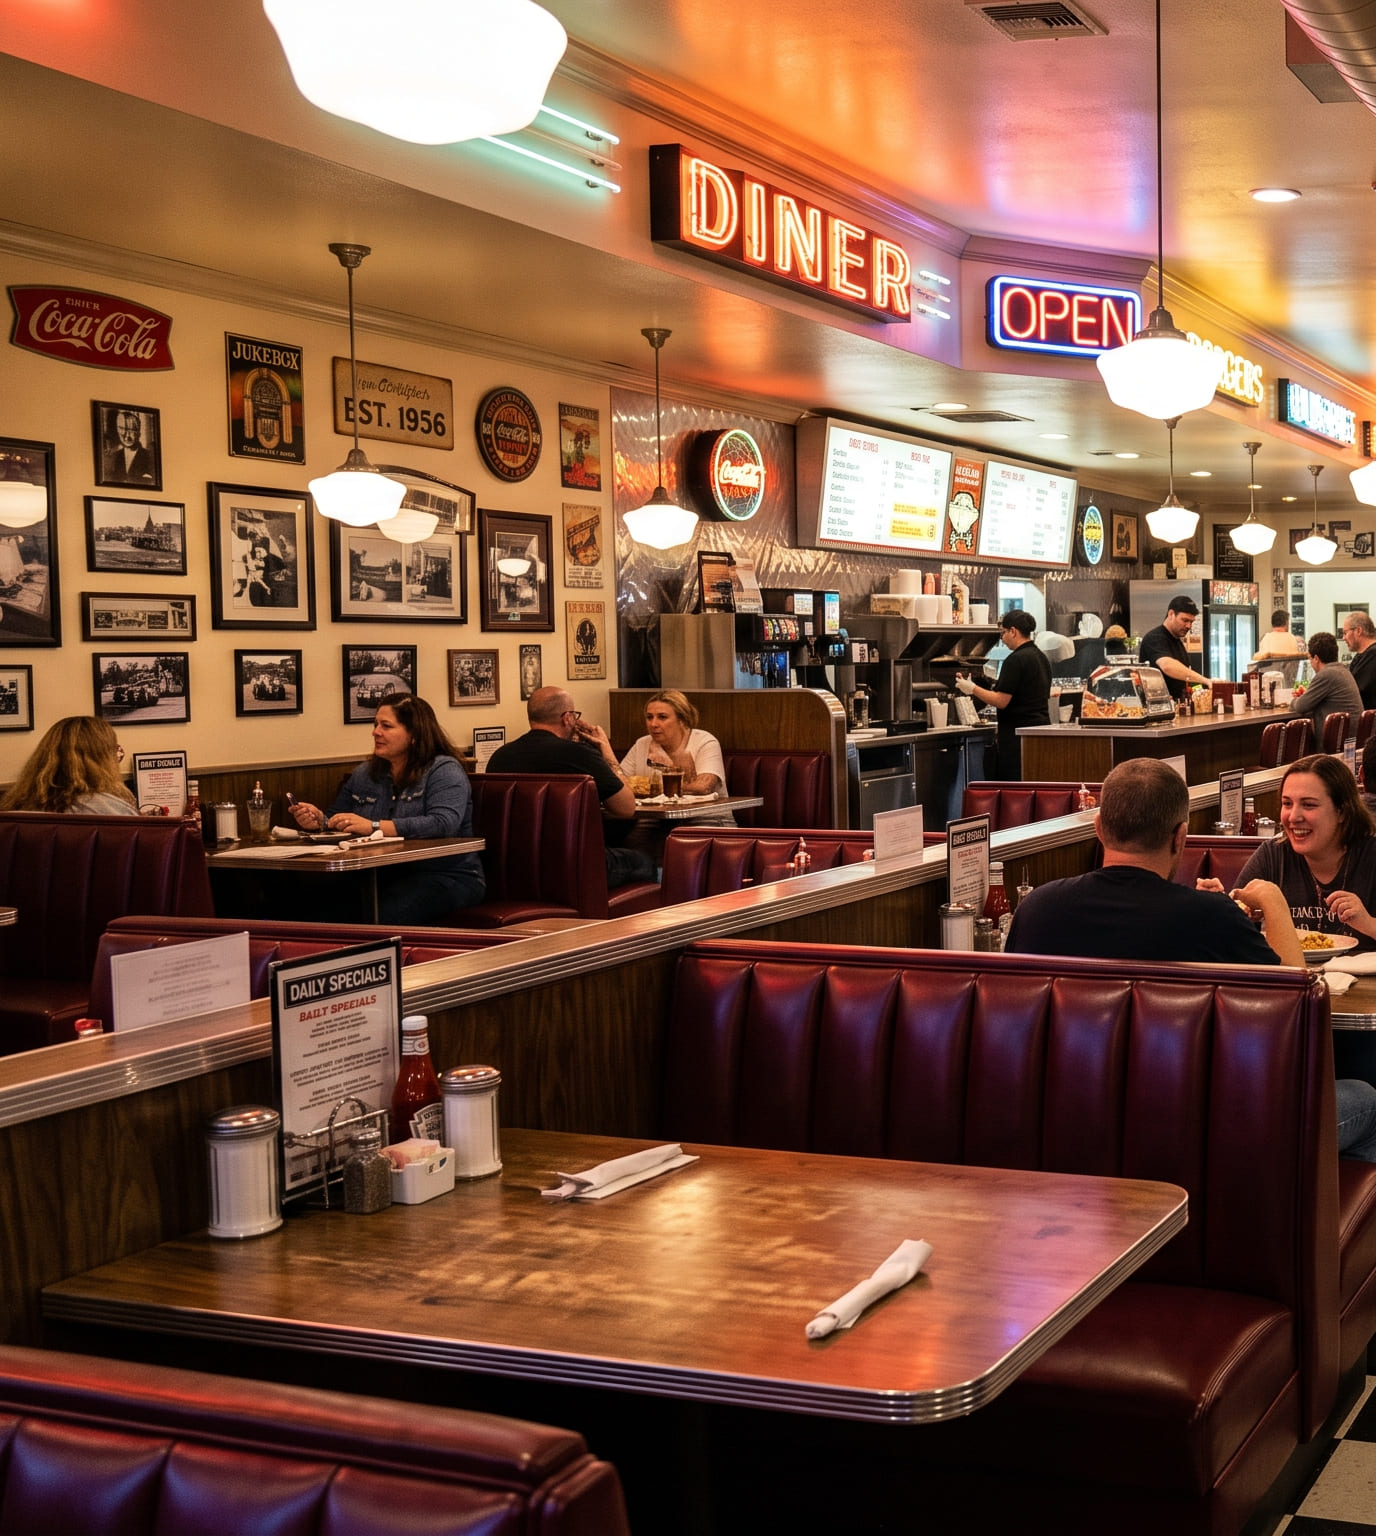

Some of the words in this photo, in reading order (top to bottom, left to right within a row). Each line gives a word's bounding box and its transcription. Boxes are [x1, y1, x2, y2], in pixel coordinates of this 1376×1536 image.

[690, 156, 912, 314] DINER
[28, 298, 161, 360] Coca-Cola
[1002, 287, 1134, 348] OPEN
[343, 396, 391, 428] EST.
[397, 406, 446, 437] 1956
[290, 977, 327, 1002] DAILY
[329, 964, 387, 992] SPECIALS
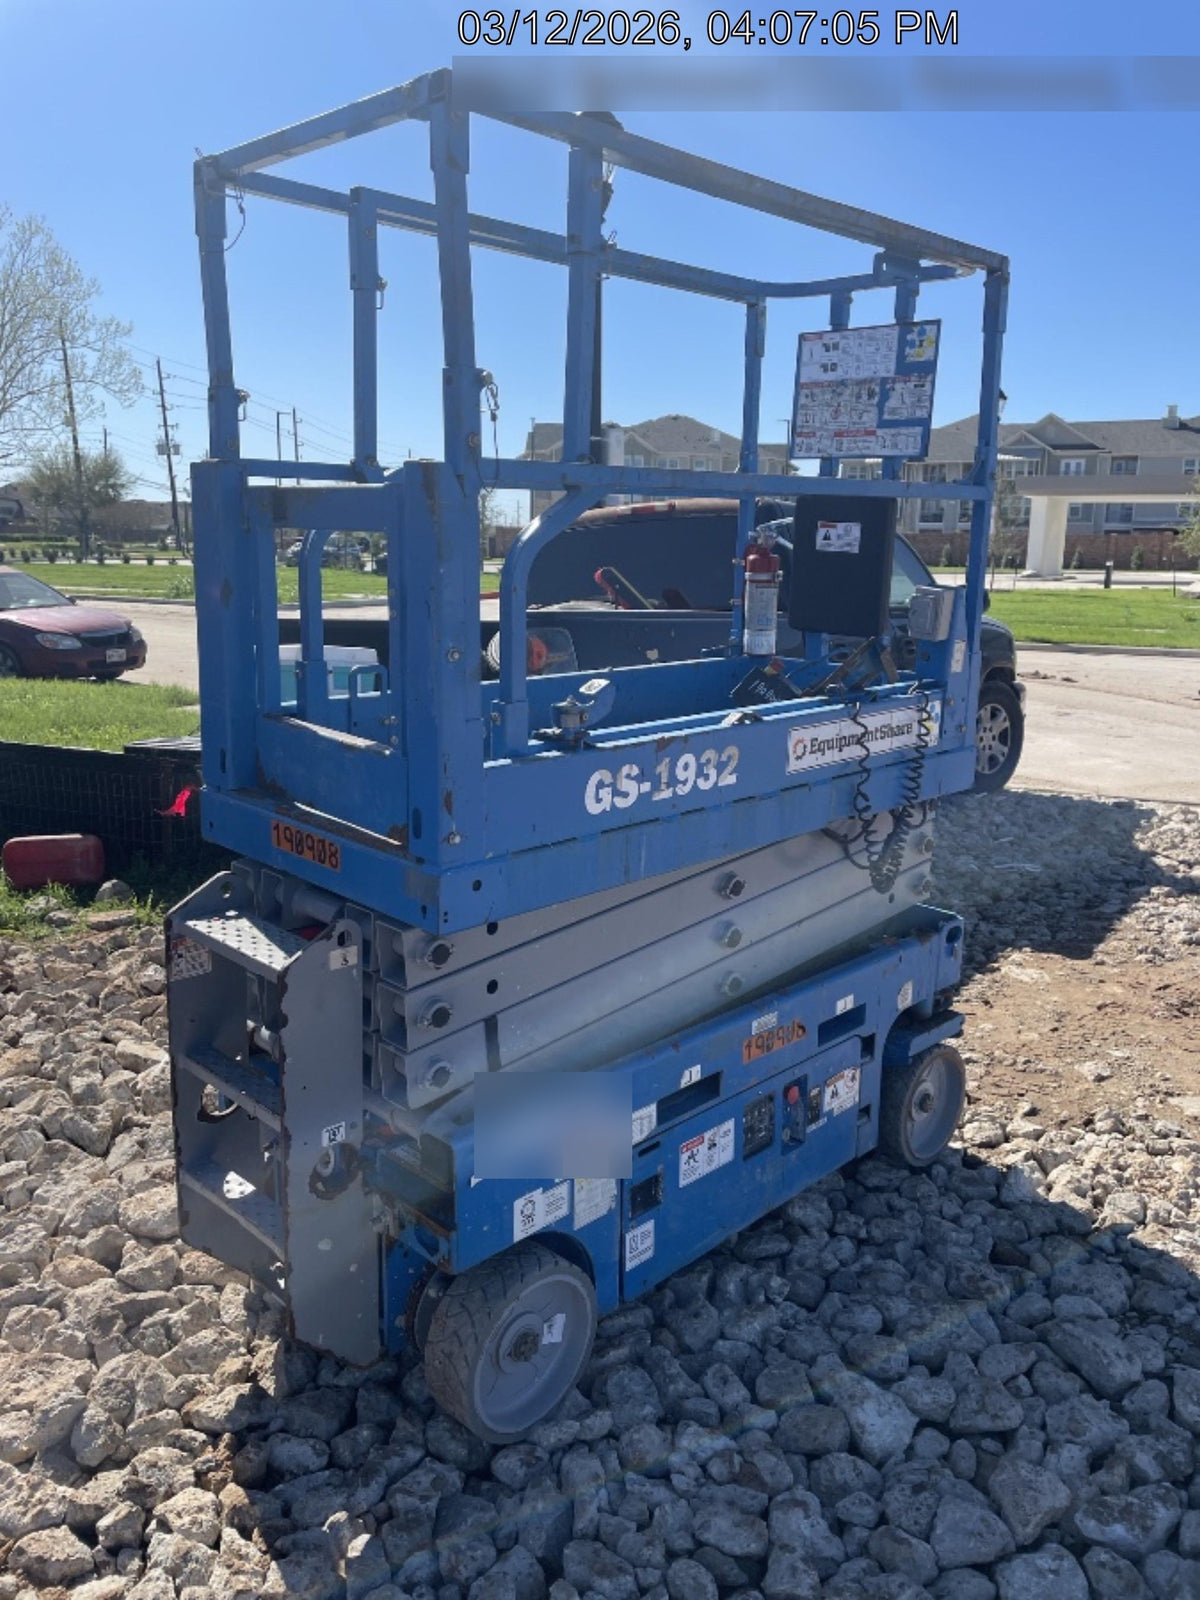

* * *

● The task:
The entries above, without their pictures, should be written out exactly.

● Task output:
Some of the words in this photo, in reading order (top to bottom, left to right within a row). Each line gives a word's bounding box and its transcription. Boxes are [x1, y1, x2, y2], in pixel coordinates of this 1376×1536 image.

[690, 156, 912, 314] DINER
[28, 298, 161, 360] Coca-Cola
[1002, 287, 1134, 348] OPEN
[343, 396, 391, 428] EST.
[397, 406, 446, 437] 1956
[290, 977, 327, 1002] DAILY
[329, 964, 387, 992] SPECIALS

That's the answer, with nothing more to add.